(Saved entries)
• • • • •
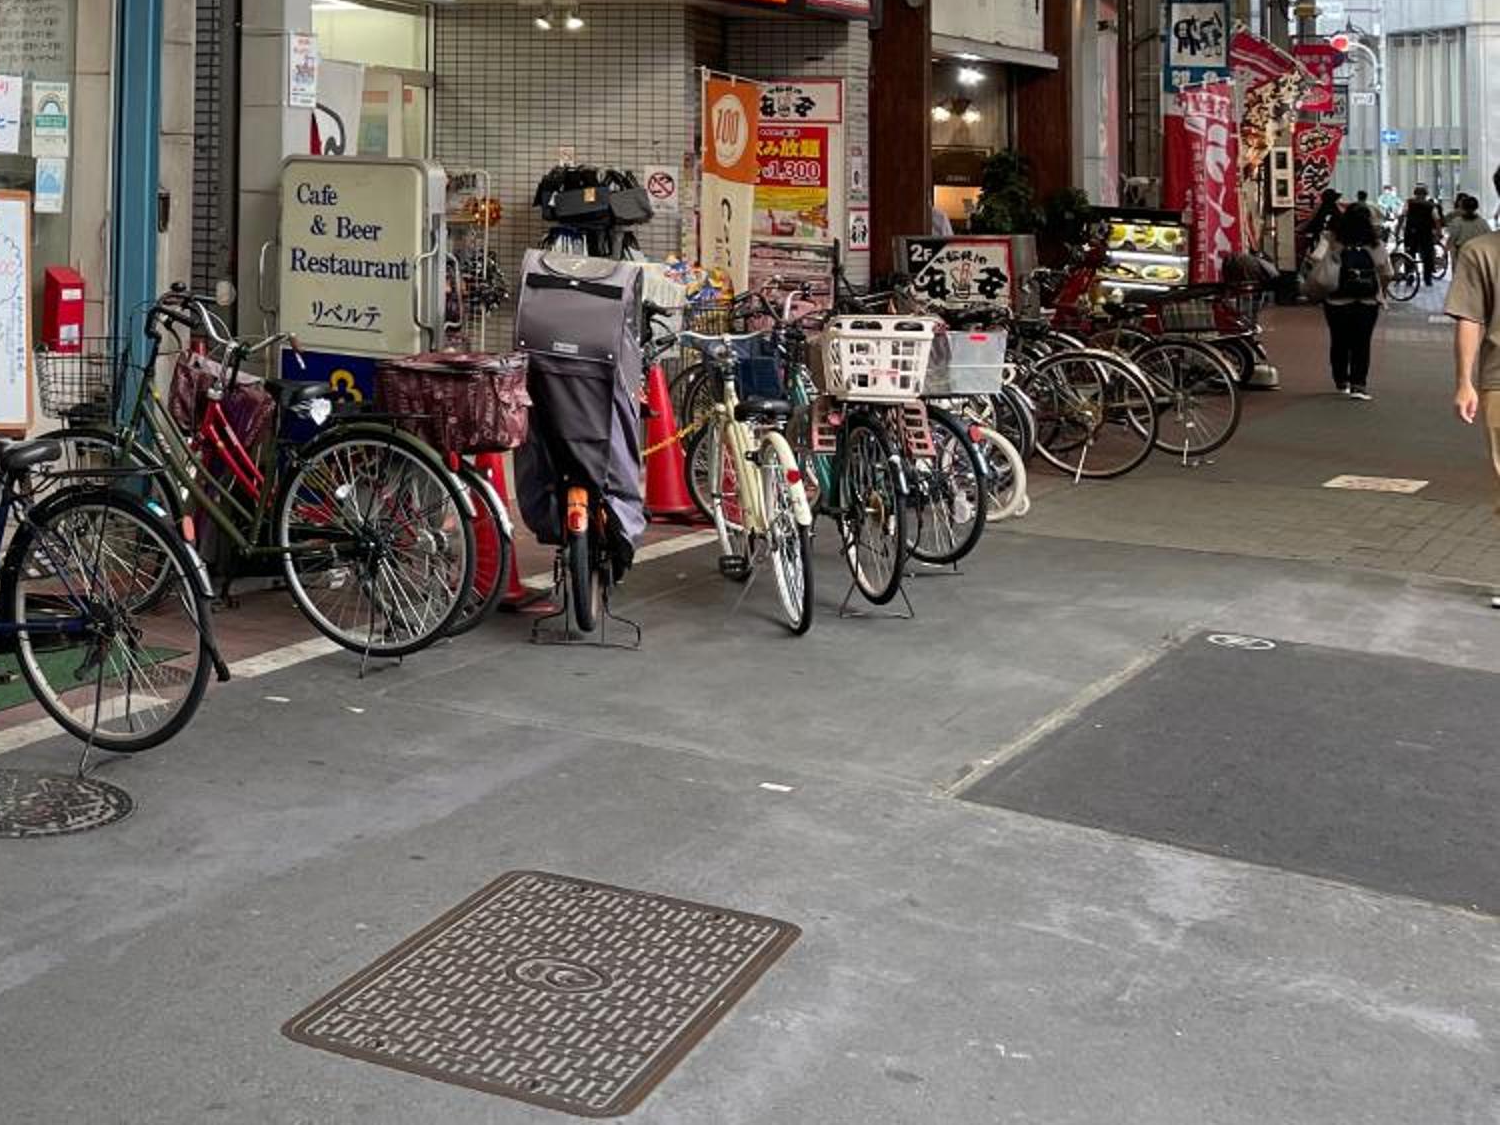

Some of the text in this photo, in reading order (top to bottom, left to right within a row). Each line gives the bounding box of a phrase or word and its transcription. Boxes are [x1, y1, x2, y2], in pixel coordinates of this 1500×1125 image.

[297, 182, 338, 206] Cafe
[310, 214, 382, 241] & Beer
[290, 247, 410, 281] Restaurant
[910, 243, 932, 262] 2F
[312, 300, 382, 328] リベルテ
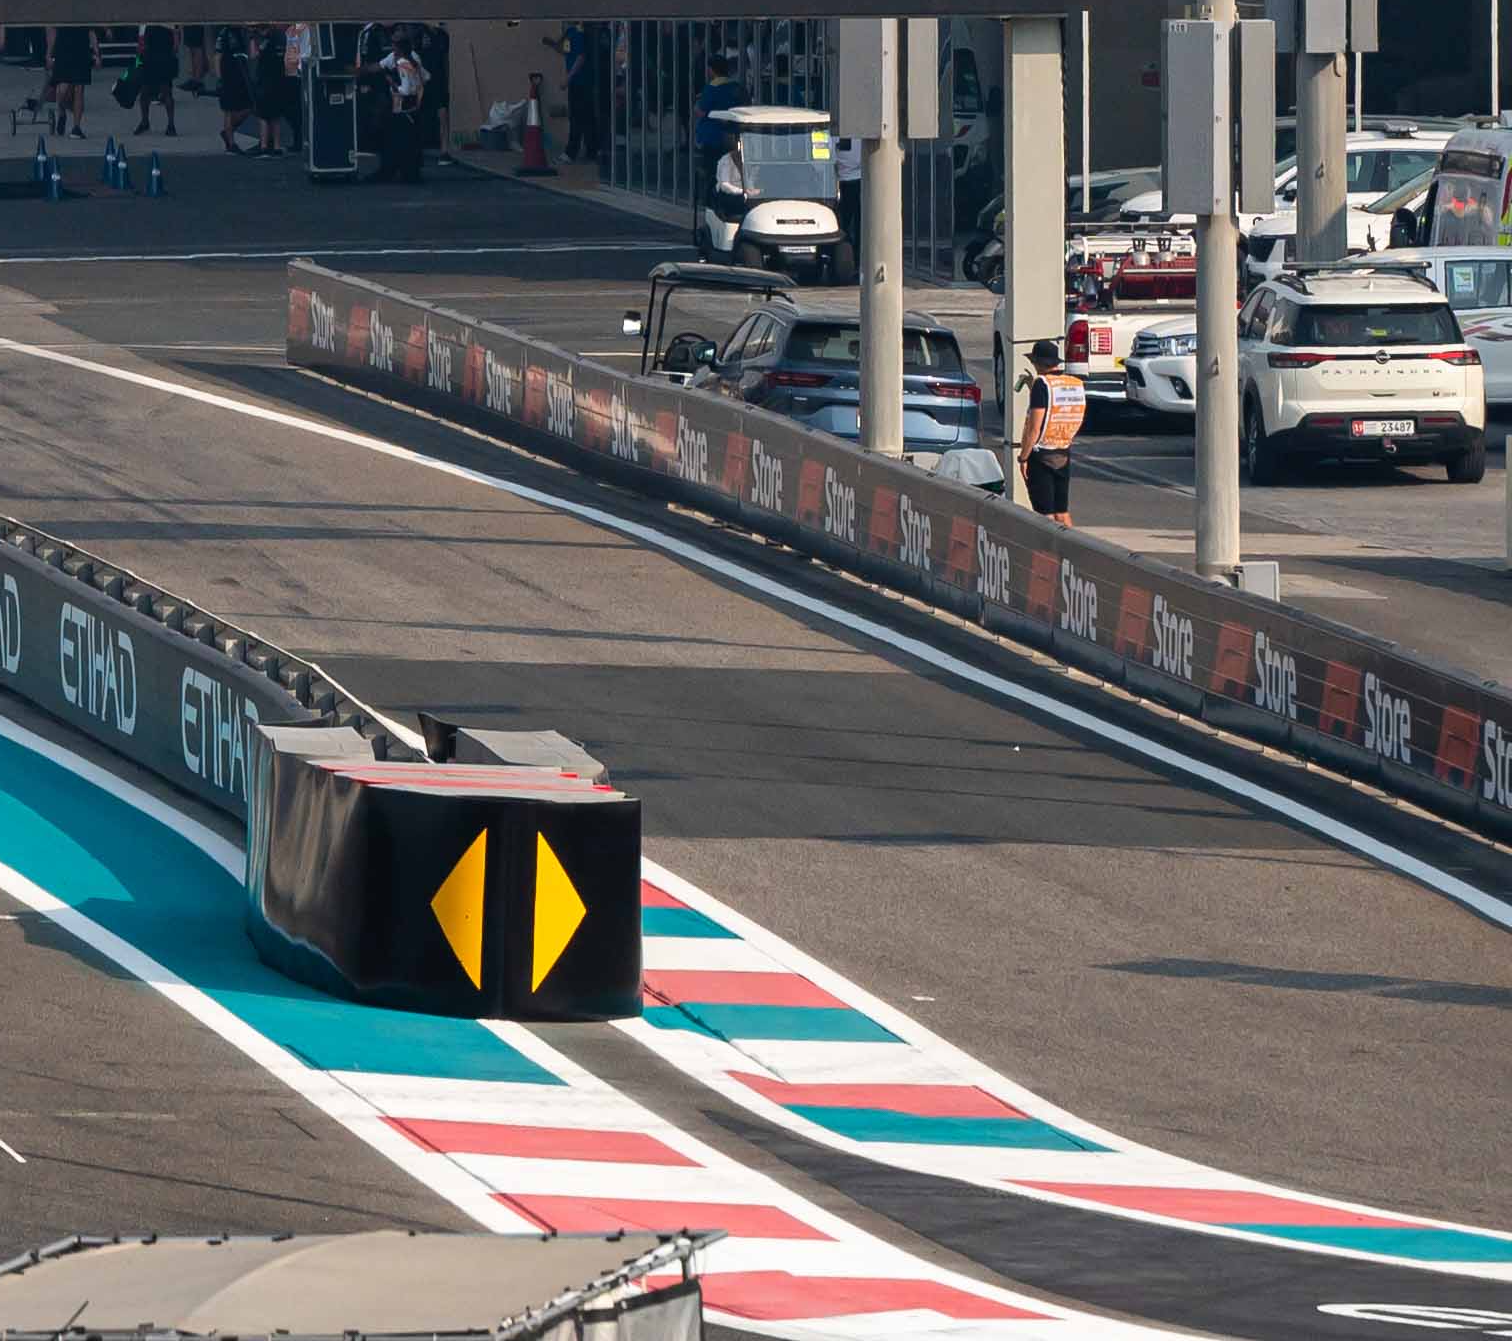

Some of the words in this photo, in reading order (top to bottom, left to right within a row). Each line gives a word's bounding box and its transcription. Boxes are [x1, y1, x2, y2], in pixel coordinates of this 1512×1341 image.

[1381, 420, 1413, 433] 23487
[311, 291, 335, 352] Store
[370, 309, 392, 372] Store
[428, 329, 452, 393] Store
[485, 349, 511, 414] Store
[752, 439, 783, 512] Store
[824, 466, 856, 542] Store
[899, 494, 931, 571] Store
[977, 525, 1010, 604] Store
[1061, 558, 1097, 641] Store
[1152, 594, 1193, 680] Store
[1255, 631, 1297, 719] Store
[1364, 672, 1411, 763] Store
[1484, 719, 1512, 809] Sto
[59, 602, 137, 735] ETIHAD
• • • • •
_EXERCISE DESCRIPTION_: Because pictures are not wanted, give every entry above again exactly without them.

_EXERCISE RESPONSE_:
Some of the text in this photo, in reading order (top to bottom, left to right within a row). Each line gives the bounding box of a phrase or word and its transcription. Boxes are [x1, y1, x2, y2], in pixel coordinates of this 1500×1125 image.

[297, 182, 338, 206] Cafe
[310, 214, 382, 241] & Beer
[290, 247, 410, 281] Restaurant
[910, 243, 932, 262] 2F
[312, 300, 382, 328] リベルテ

Some of the words in this photo, in reading order (top to bottom, left to right within a row). Each line gives a word's bounding box and its transcription. Boxes are [x1, y1, x2, y2], in pixel coordinates of this 1512×1341 image.

[1381, 420, 1413, 433] 23487
[311, 291, 335, 352] Store
[370, 309, 392, 372] Store
[428, 329, 452, 393] Store
[485, 349, 511, 414] Store
[752, 439, 783, 512] Store
[824, 466, 856, 542] Store
[899, 494, 931, 571] Store
[977, 525, 1010, 604] Store
[1061, 558, 1097, 641] Store
[1152, 594, 1193, 680] Store
[1255, 631, 1297, 719] Store
[1364, 672, 1411, 763] Store
[1484, 719, 1512, 809] Sto
[59, 602, 137, 735] ETIHAD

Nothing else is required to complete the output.